BloGroonga

2018-04-29

Groonga 8.0.2 has been released

Groonga 8.0.2 has been released!

In this release, you can "define" custom tokenizer and normalizer via options, without any programming. It helps you to search sources including many orthographical variants.

How to install: Install

Changes

Here are important changes in this release:

  • [logical_range_filter] Added sort_keys option.
  • Added a new function time_format(). You can specify time format against a column of Time type, with the format same to strftime.
  • [tokenizers] Support new tokenizer TokenNgram. You can define its behavior dynamically.
  • [normalizers] Support new normalizer NormalizerNFKC100. It is based on Unicode NFKC for Unicode 10.0.
  • [normalizers] Support options for normalizers NormalizerNFKC51 and NormalizerNFKC100. You can change normalizer's behavior dynamically.
  • [dump][schema] Add support for options of tokenizer and normalizer. As the result, Groonga 8.0.1 and earlier versions cannot import dump and schema generated by Groonga 8.0.2 or later, and they will occurs error due to unsupported information.

[logical_range_filter] Added sort_keys option

logical_range_filter now supports a new option sort_keys, corresponding to sort_keys in select.

Note that it works only for single search target shard and doesn't work for multiple search target shards. For more details, see the command reference.

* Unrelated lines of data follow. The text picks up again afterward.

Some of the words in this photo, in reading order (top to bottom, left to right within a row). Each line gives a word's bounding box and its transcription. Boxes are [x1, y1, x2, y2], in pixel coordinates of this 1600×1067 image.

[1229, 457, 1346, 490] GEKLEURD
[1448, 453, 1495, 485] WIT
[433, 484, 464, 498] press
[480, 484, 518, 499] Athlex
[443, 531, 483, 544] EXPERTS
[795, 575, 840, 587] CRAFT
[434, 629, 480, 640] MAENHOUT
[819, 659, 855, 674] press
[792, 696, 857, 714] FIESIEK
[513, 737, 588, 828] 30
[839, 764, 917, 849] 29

Added a new function time_format()

Now you can specify time format against a column of Time type, with the format same to strftime.

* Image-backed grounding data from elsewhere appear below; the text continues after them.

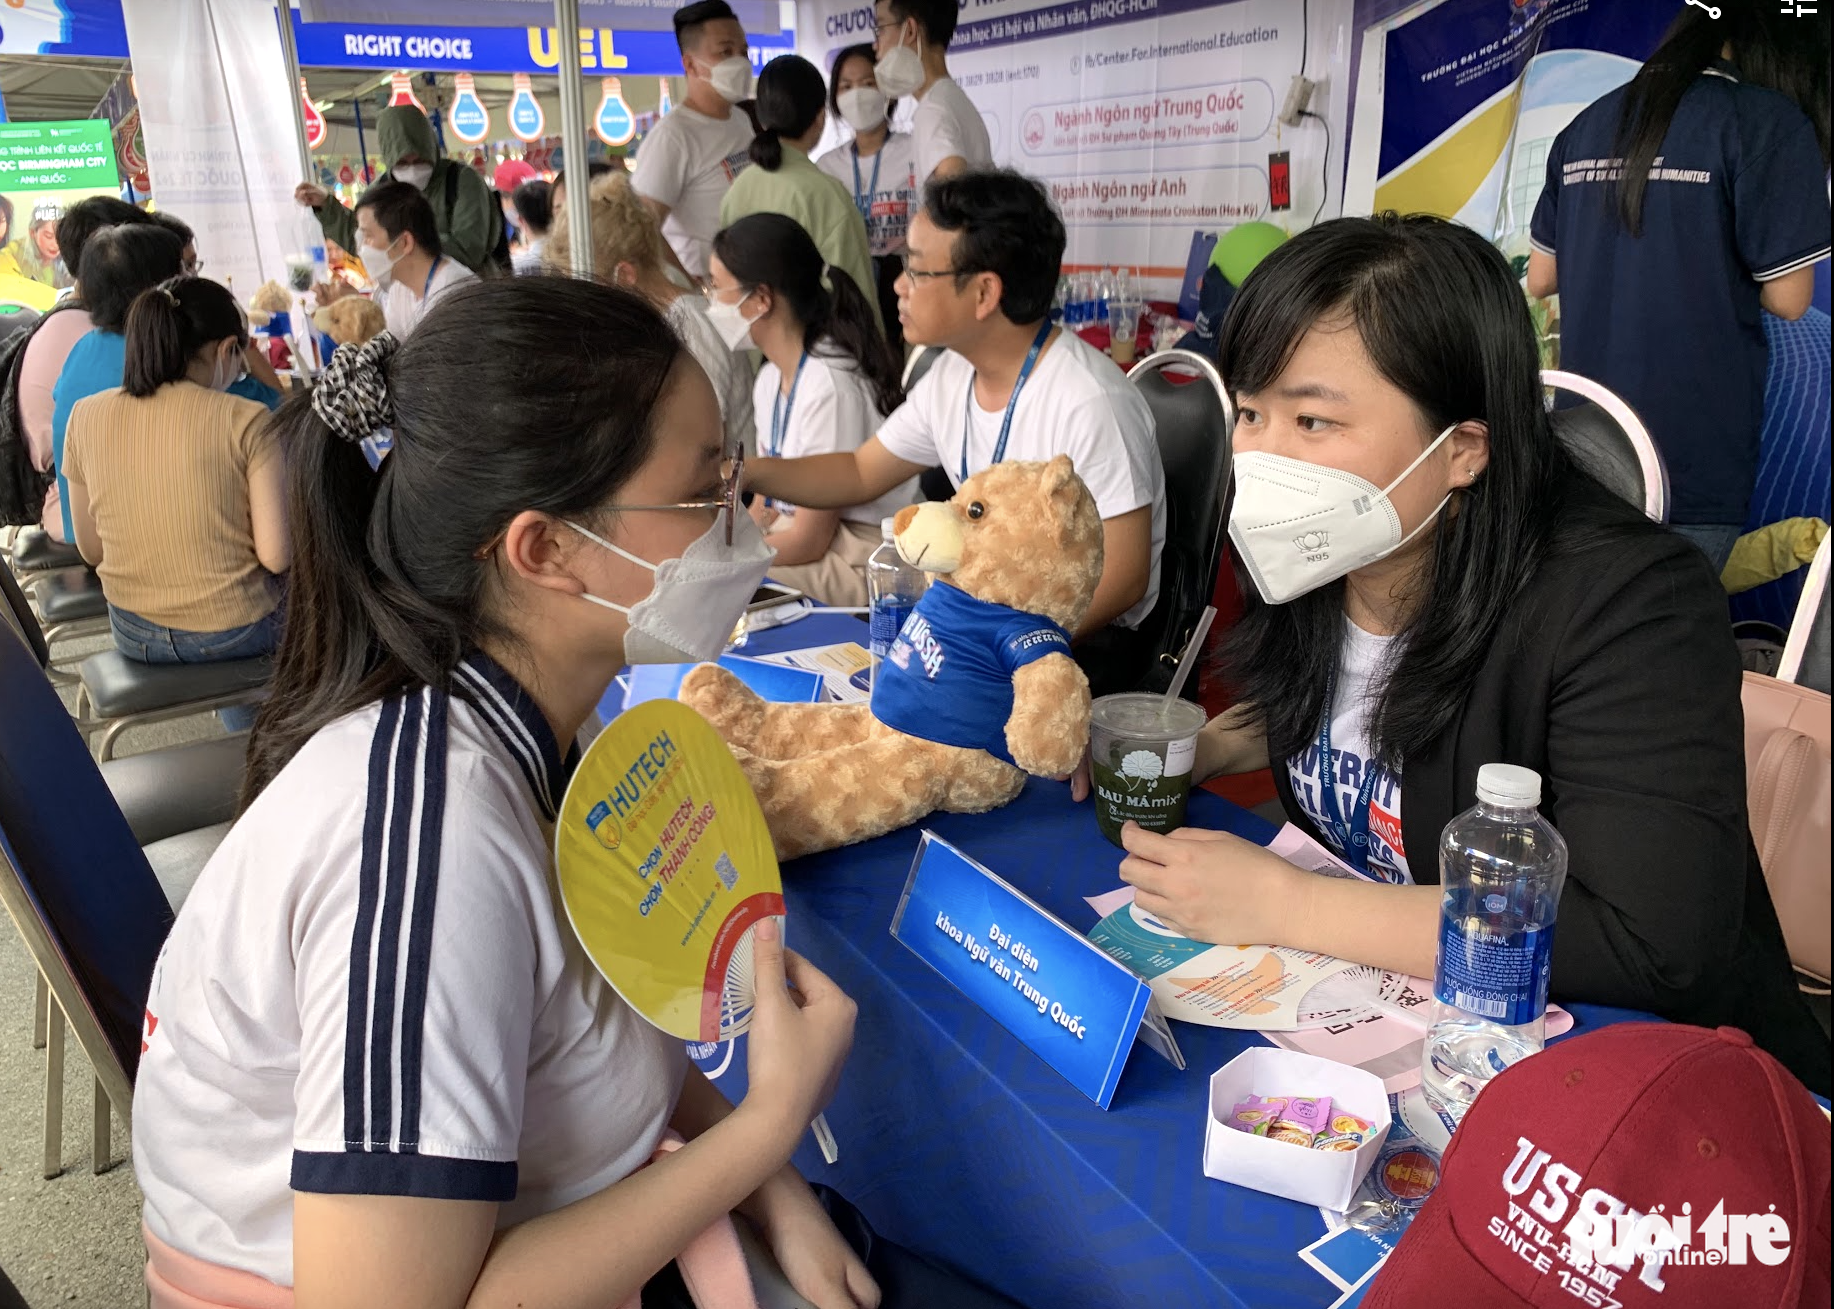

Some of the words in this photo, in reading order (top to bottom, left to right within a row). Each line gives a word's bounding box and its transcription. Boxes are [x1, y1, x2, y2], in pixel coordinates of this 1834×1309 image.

[344, 34, 401, 57] RIGHT
[405, 35, 473, 60] CHOICE
[527, 27, 628, 69] UEL
[1479, 41, 1499, 57] HỌC
[1054, 106, 1092, 131] Ngành
[1094, 103, 1130, 128] Ngôn
[1134, 98, 1160, 123] ngữ
[1162, 98, 1202, 119] Trung
[1206, 87, 1244, 114] Quốc
[68, 141, 93, 153] QUỐC
[18, 157, 85, 170] BIRMINGHAM
[86, 156, 107, 168] CITY
[1661, 168, 1711, 184] HUMANITIES
[20, 175, 38, 184] ANH
[40, 172, 67, 184] QUỐC
[1052, 183, 1089, 204] Ngành
[1091, 179, 1127, 203] Ngôn
[1131, 179, 1156, 201] ngữ
[1160, 177, 1186, 196] Anh
[1218, 203, 1237, 218] (Hoa
[1306, 553, 1330, 563] N95
[608, 729, 677, 818] HUTECH
[1323, 753, 1331, 788] TRƯỜNG
[1098, 785, 1123, 803] RAU
[1126, 794, 1150, 807] MÁ
[1360, 766, 1376, 806] University
[638, 845, 664, 880] CHỌN
[659, 795, 696, 851] HUTECH
[638, 881, 664, 918] CHỌN
[659, 843, 694, 885] THÀNH
[688, 799, 717, 844] CÔNG!
[989, 923, 1012, 952] Đại
[1011, 940, 1040, 972] diện
[1467, 931, 1507, 945] AQUAFINA
[935, 911, 963, 945] khoa
[963, 932, 990, 964] Ngữ
[989, 957, 1012, 982] văn
[1012, 970, 1049, 1014] Trung
[1050, 1001, 1087, 1040] Quốc
[1462, 985, 1485, 999] UỐNG
[1486, 989, 1509, 1002] ĐÓNG
[1508, 1201, 1622, 1292] VNU-HCM
[1488, 1215, 1553, 1276] SINCE
[1557, 1270, 1624, 1309] 1957
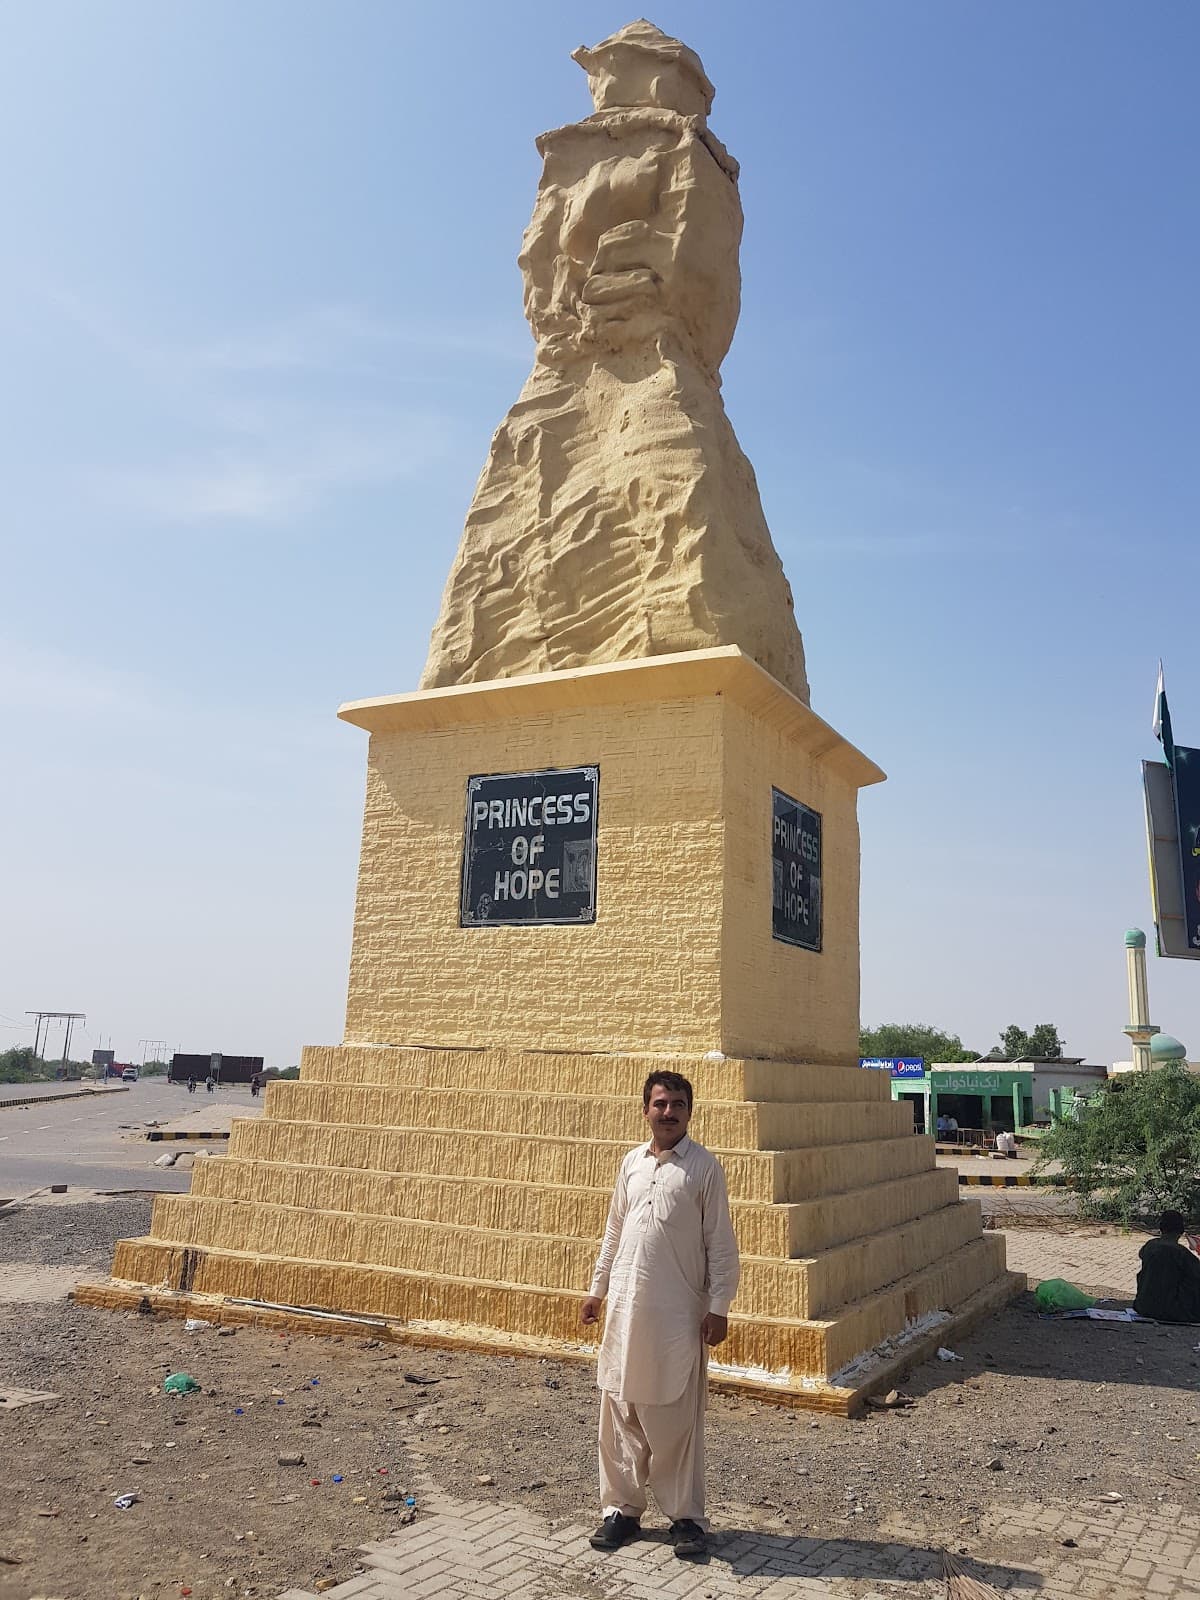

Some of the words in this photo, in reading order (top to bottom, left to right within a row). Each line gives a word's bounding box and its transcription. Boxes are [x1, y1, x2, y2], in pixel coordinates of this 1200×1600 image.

[472, 793, 590, 831] PRINCESS
[511, 834, 545, 866] OF
[774, 816, 819, 863] PRINCESS
[494, 868, 560, 901] HOPE
[790, 861, 803, 890] OF
[784, 893, 809, 926] HOPE
[905, 1062, 923, 1073] pepsi

For example, the following command line will output the _key column as both UNIX time and a human readable format like 2018-04-29T10:30:00:

select Timestamps --sortby _id --limit -1 --output_columns '_key, time_format(_key, "%Y-%m-%dT%H:%M:%S")'

[tokenizers] Support new tokenizer TokenNgram

Now a new tokenizer TokenNgram is available. You can define its behavior dynamically via its options. Options are given via the style 'TokenNgram("[name 1]", [value 1], "[name 2]", [value 2], ...). For example:

table_create --name Terms --flags TABLE_PAT_KEY --key_type ShortText --default_tokenizer 'TokenNgram("n", 2, "loose_symbol", true)' --normalizer NormalizerAuto

[normalizers] Support new normalizer NormalizerNFKC100

Now a new normalizer NormalizerNFKC100, based on Unicode NFKC (Normalization Form Compatibility Composition) for Unicode 10.0 is available.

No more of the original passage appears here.